§ **What you will do**:
The records that follow are to be repeated exactly, without any pictures.
___
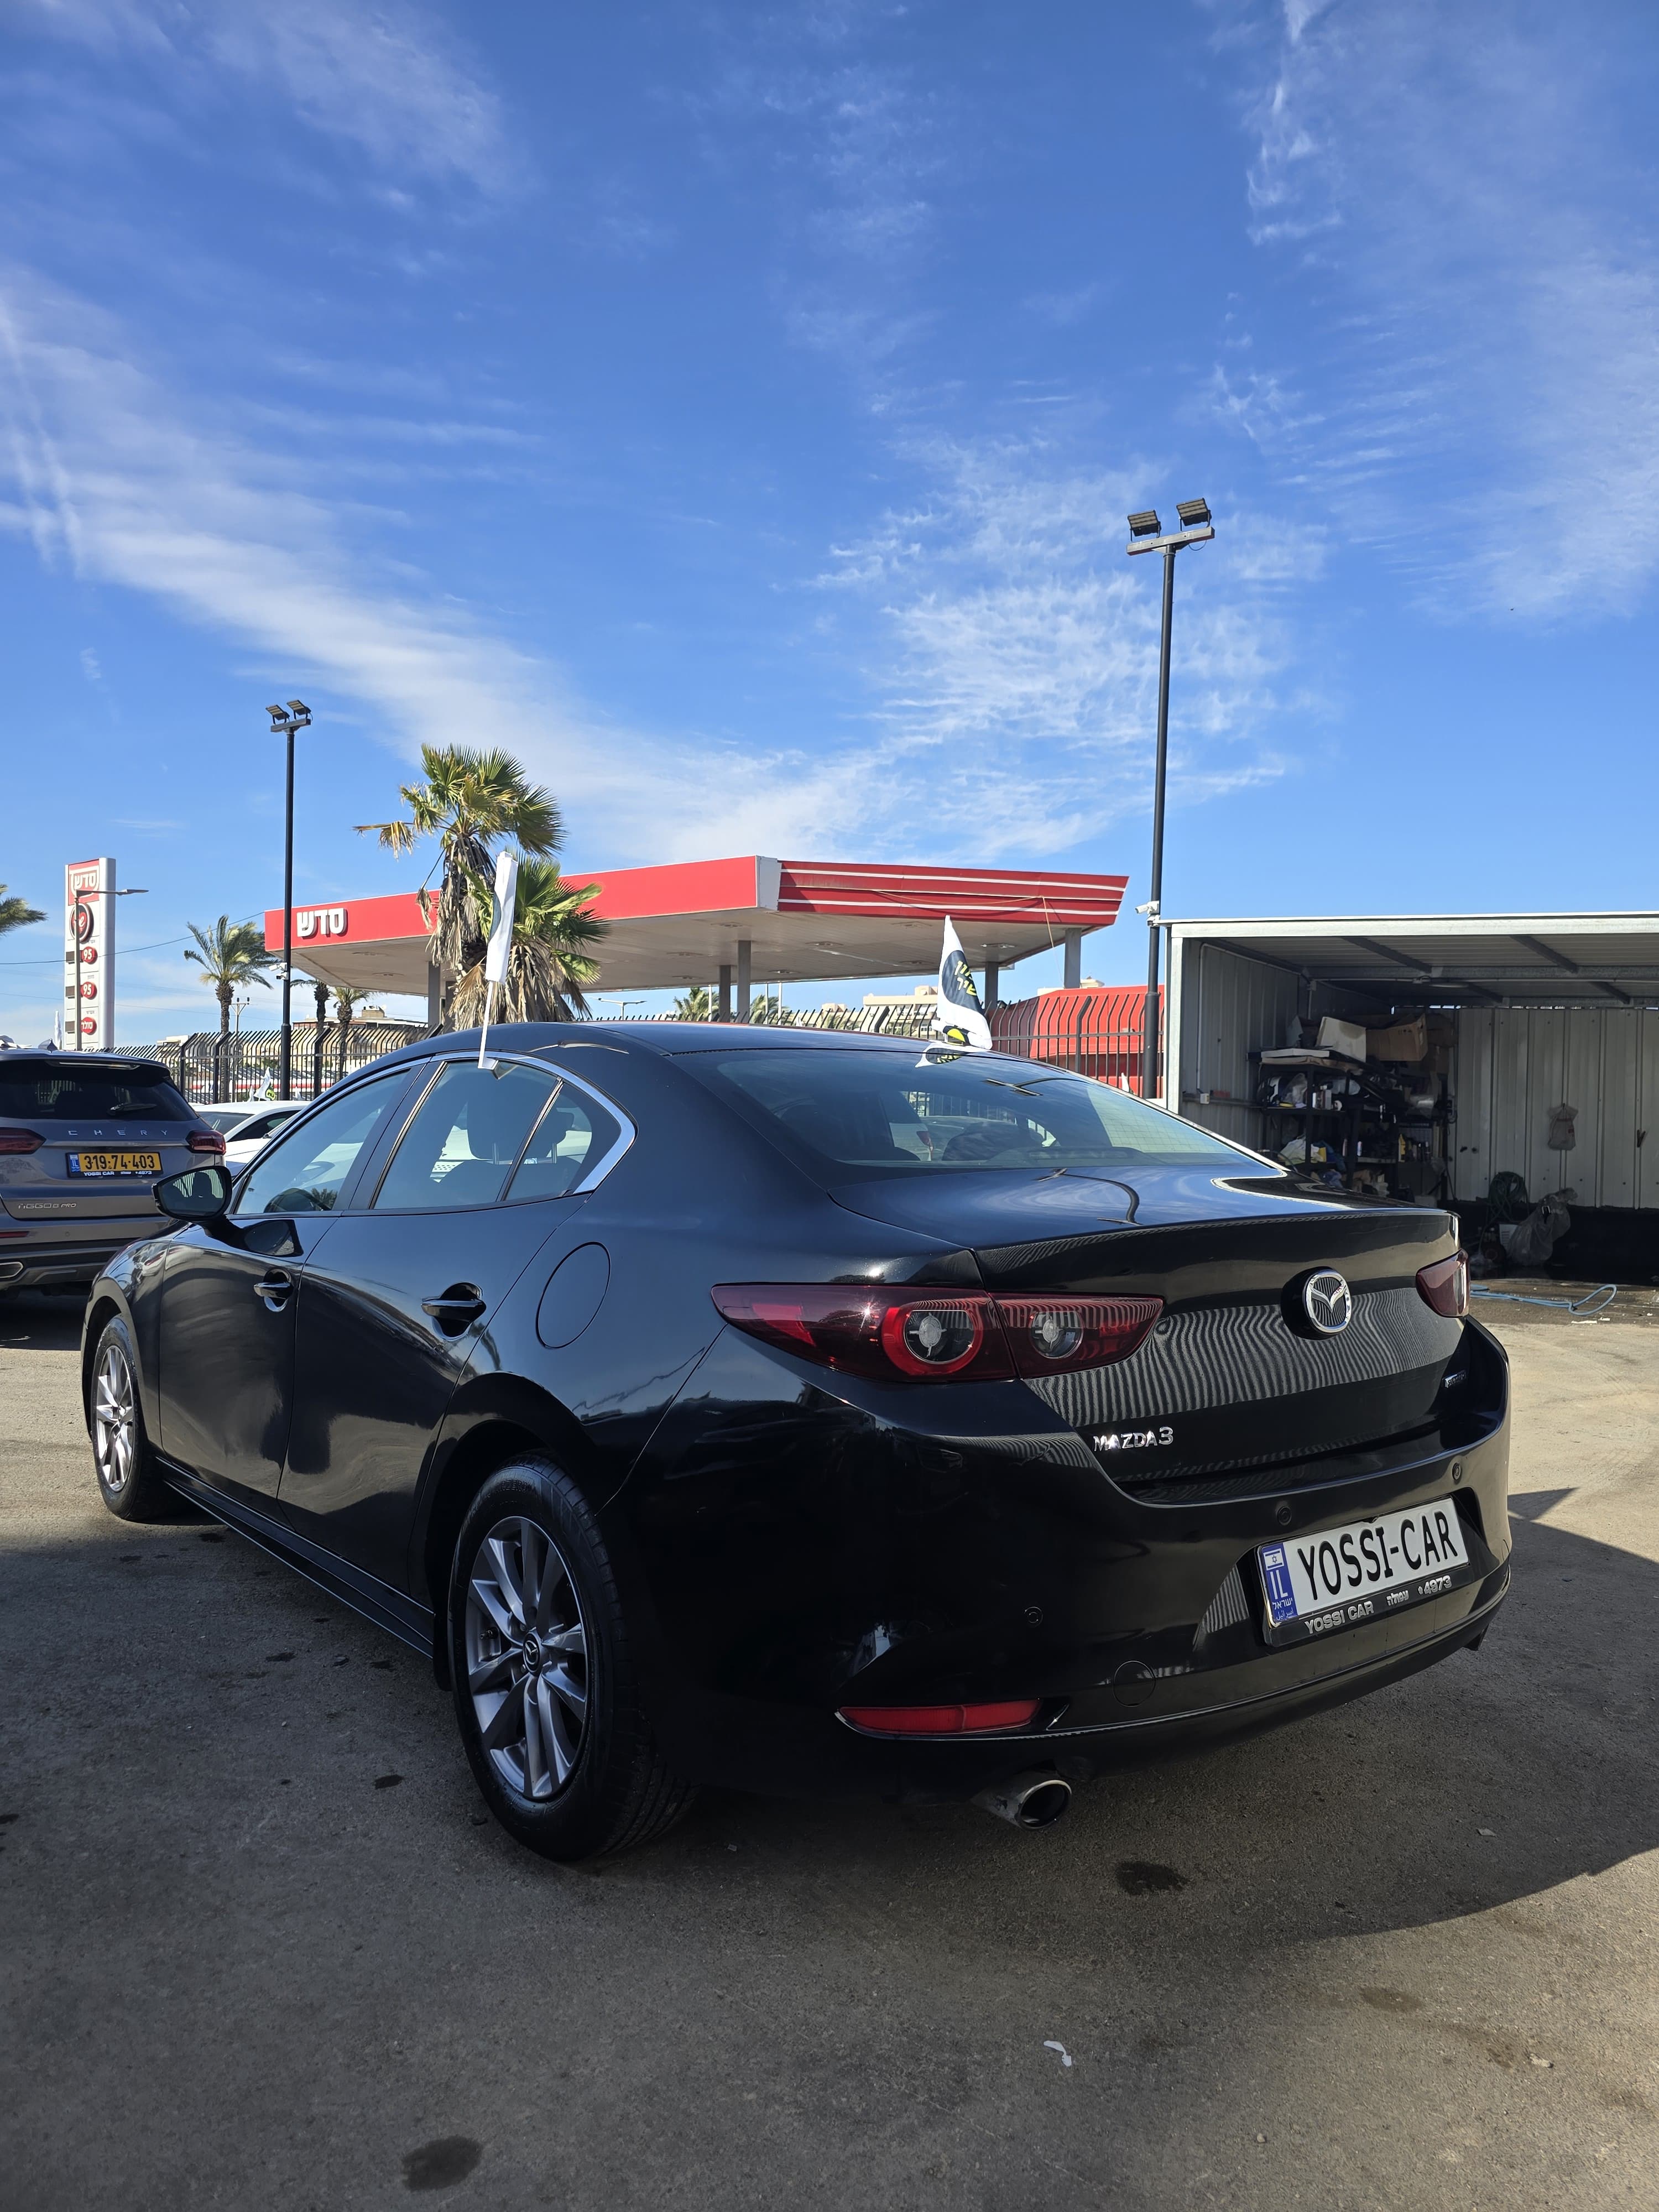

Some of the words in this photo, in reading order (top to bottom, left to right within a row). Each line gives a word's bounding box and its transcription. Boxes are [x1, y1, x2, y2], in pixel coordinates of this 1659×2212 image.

[296, 907, 346, 938] סדש
[84, 949, 92, 960] 95
[83, 984, 92, 995] 95
[81, 1021, 93, 1030] סולר
[1297, 1510, 1458, 1600] YOSSI-CAR
[1270, 1570, 1288, 1600] IL
[1272, 1597, 1293, 1610] ישראל
[1305, 1609, 1345, 1635] YOSSI
[1348, 1600, 1375, 1621] CAR
___
§ **Answer section**:
Some of the words in this photo, in reading order (top to bottom, left to right within a row). Each line gives a word's bounding box and its transcription. Boxes are [x1, y1, x2, y2], in pixel coordinates of this 1659×2212 image.

[296, 907, 346, 938] סדש
[84, 949, 92, 960] 95
[83, 984, 92, 995] 95
[81, 1021, 93, 1030] סולר
[1297, 1510, 1458, 1600] YOSSI-CAR
[1270, 1570, 1288, 1600] IL
[1272, 1597, 1293, 1610] ישראל
[1305, 1609, 1345, 1635] YOSSI
[1348, 1600, 1375, 1621] CAR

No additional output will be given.